Artur Oscar Moreira Xexéo (1951-2021), tricolor de coração como eu, sempre me divertiu com suas crônicas. Aos domingos, corria a abrir o segundo caderno em busca da última página para me entreter com seus comentários oportunos, bem-humorados, de linguagem simples, mas que, nas entrelinhas, denunciavam um jornalista de cultura ampla e sofisticada. Isso o tornava especial: saber transmitir, por meio de uma linguagem coloquial, as informações para seus leitores. E não pensem que é fácil. Conhecer profundamente determinado assunto, ser capaz de elaborar uma tese sobre o tema, é mole… Difícil é transpor essa densidade de conteúdos para uma linguagem acessível a quem nos lê ou escuta. E fazê-los relacionar os fatos com momentos de sua vida, tocar fundo sua memória a ponto de permitir que aflorem lembranças tão saborosas como as balas de nossa infância ou a sensação de frio na barriga com os primeiros flertes na adolescência. Sim, porque Xexéo era dessa geração que flertava, namorava no cinema, saboreava drops dulcora e, quando criança, assistia Clube do Guri, Teatrinho Trol, Vigilante Rodoviário, Nacional Kid.
Ah, sem querer ser saudosista, mas já sendo, como é bom recordar a televisão dos anos 60, as primeiras novelas, os programas de humor, de variedades, a transmissão dos concursos de misses, os festivais da canção. Como viajei lendo a coluna de Xexéo! Muitas vezes parava no meio da leitura e pensava: Como esse cara pode saber tanto de mim, de meus gostos, das minhas preferências? Mas que presunção… Ele sabia tudo sobre o cotidiano vivido por uma geração classe média que nasceu e viveu neste país durante as décadas de 50-60. E mais: ele sabia nos transportar para o momento exato de nosso passado com odores, texturas, sabores, trilha sonora e tudo o mais. Sabia, como Garcia Márquez nos sugere em O escândalo do século, transformar um fato aparentemente corriqueiro numa crônica elegante, às vezes ácida, mas sempre saborosa. Sabia ouvir a opinião dos leitores e retificar um equívoco que cometera em matéria anterior, sabia criar personagens como Dona Candoca para criticar a programação, especialmente as novelas, exibidas no canal-patrão. Sabia tudo.

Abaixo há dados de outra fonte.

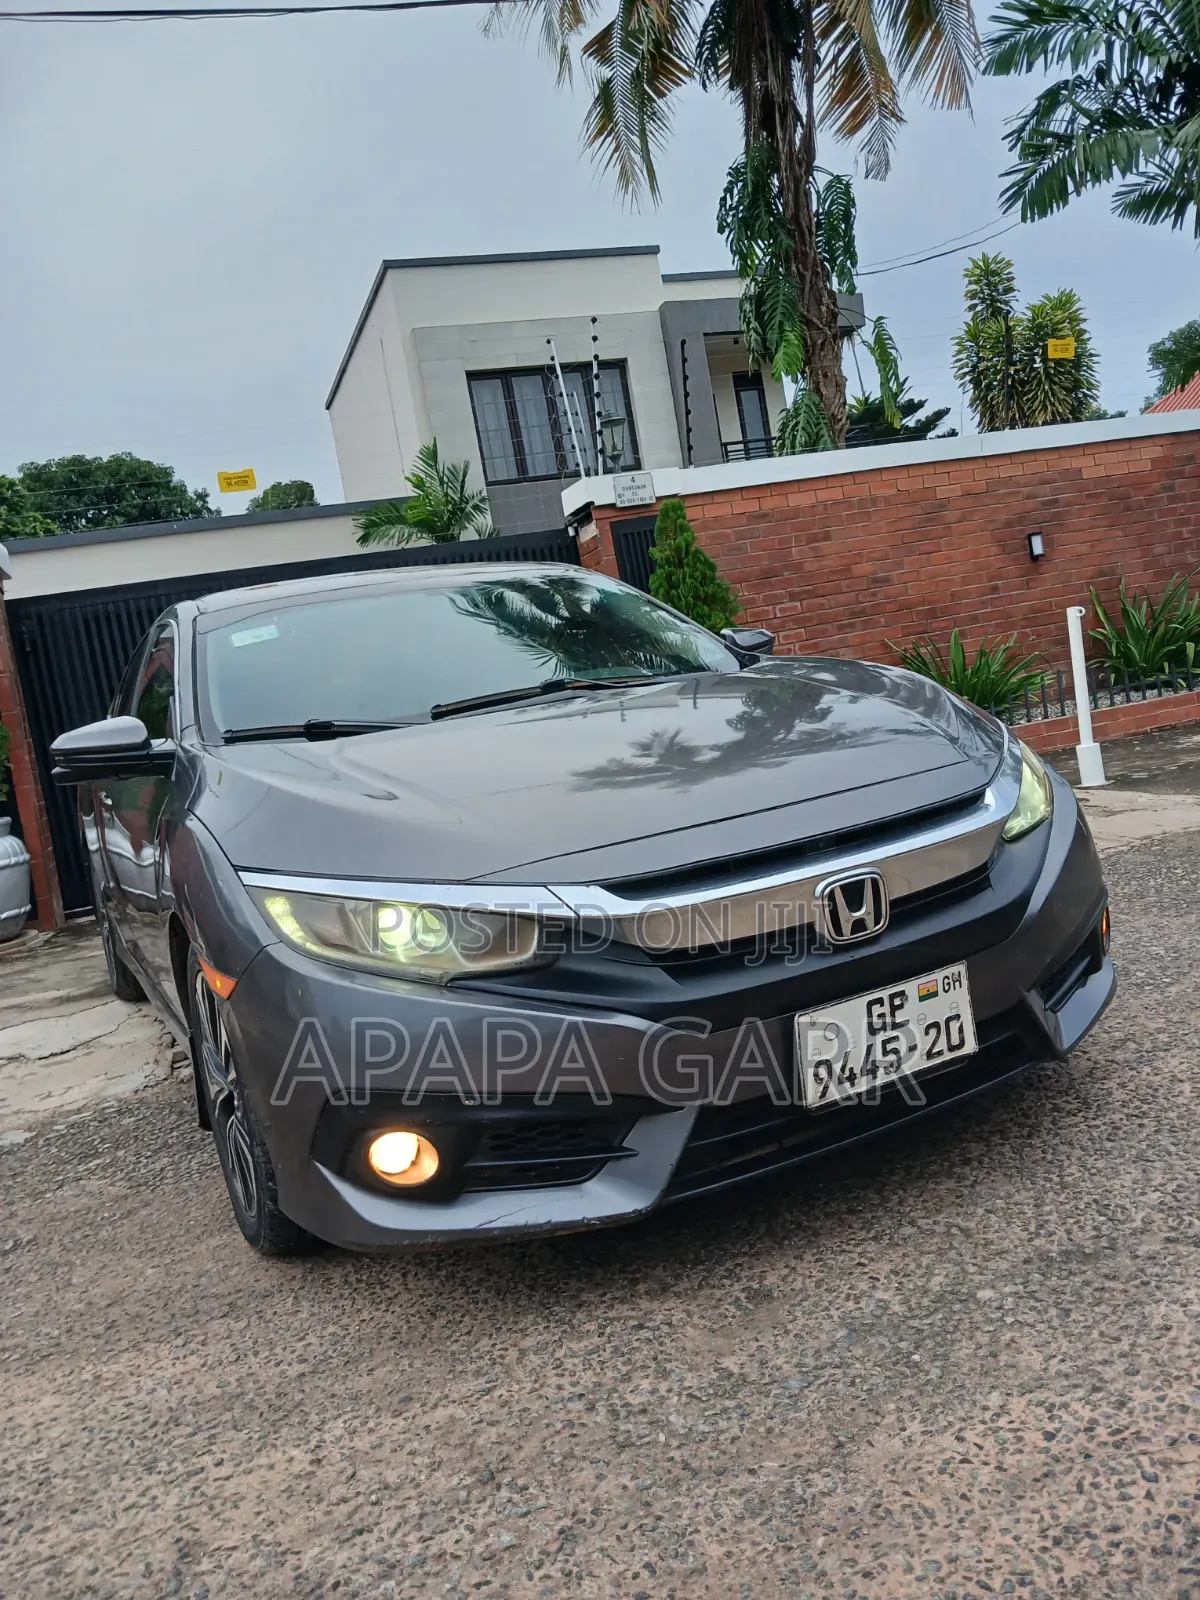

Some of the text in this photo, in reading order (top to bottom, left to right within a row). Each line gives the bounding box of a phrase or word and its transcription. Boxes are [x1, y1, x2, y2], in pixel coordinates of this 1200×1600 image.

[942, 970, 962, 994] GH
[866, 989, 910, 1037] GE
[813, 1013, 966, 1100] 9445-20
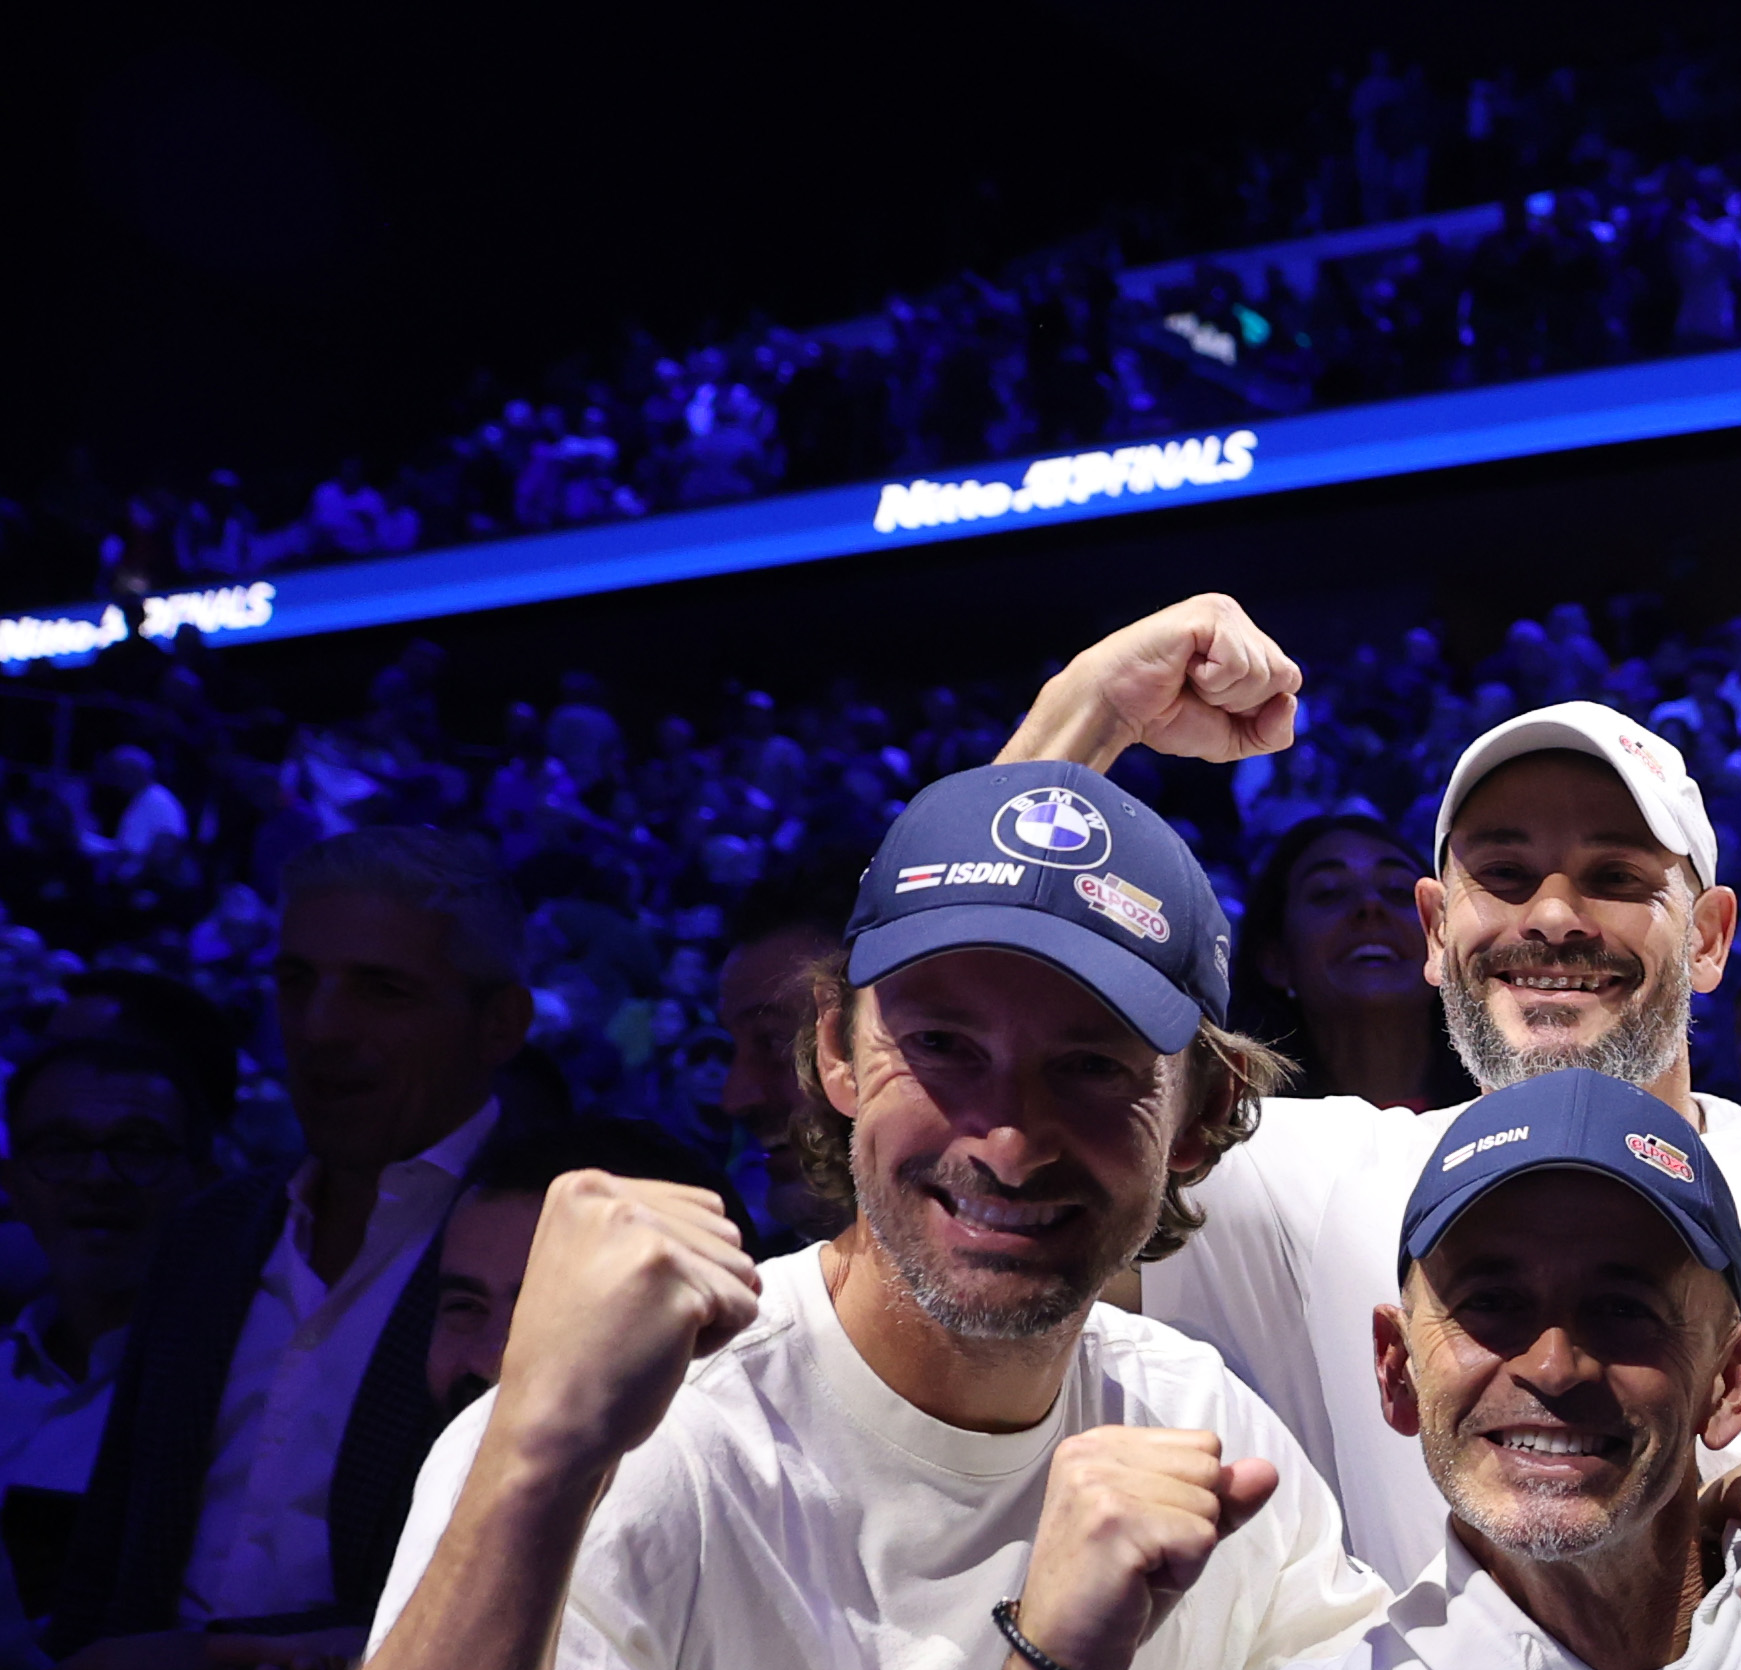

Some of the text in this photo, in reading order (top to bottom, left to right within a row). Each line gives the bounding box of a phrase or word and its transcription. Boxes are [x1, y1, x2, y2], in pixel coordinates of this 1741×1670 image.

Só o vi duas vezes. Uma delas no supermercado Zona Sul com o companheiro e outra no Teatro Casa Grande num dos últimos dias do espetáculo em homenagem à Bibi Ferreira, em 2018. Bibi, uma vida em musical denominava-se a peça escrita por Artur Xexéo e Luana Guimarães que foi dirigida por Tadeu Aguiar. Nesse dia, o teatro contou com a presença da homenageada que só foi percebida porque cantarolou junto com a atriz Amanda Acosta uma das canções que imortalizaram Edith Piaf, integrante do rol de estrelas vividas no teatro por Bibi. Já bem idosa (morreria um ano depois aos 96 anos), a atriz sentou-se no meio da plateia e junto dela, o autor do espetáculo. Foram ovacionados pelo público que se pôs de pé no intervalo.
Ler Xexéo é uma das raras exceções que concedo à grande imprensa carioca. Ele aos domingos, Joaquim Ferreira dos Santos as segundas, Veríssimo (agora sumido) e Bernardo Vieira de Mello. E já está de bom tamanho. O único senão sobre o qual discordávamos era em relação à posição política. Como quase todos os funcionários globais (há honrosas exceções), alinhava-se ao pensamento ‘liberal-democrata’, embora não se tivesse notícia de que fosse filiado a qualquer partido político. Paciência, ninguém é perfeito, mas é fato que andamos nos estranhando nos últimos tempos…
Xexéo fará falta à cultura desse país que hoje patina na ignorância e deprecia os cidadãos bem informados. Sentiremos sua ausência nos comentários do Oscar, nas aparições da TV e, sobretudo, sentiremos muita saudade de sua coluna domingueira. Como membro do seleto grupo de seus ‘dezessete leitores’, apreciadora das ‘fitas-banana’ e do concurso do/a ‘mala do ano’, eu me despeço.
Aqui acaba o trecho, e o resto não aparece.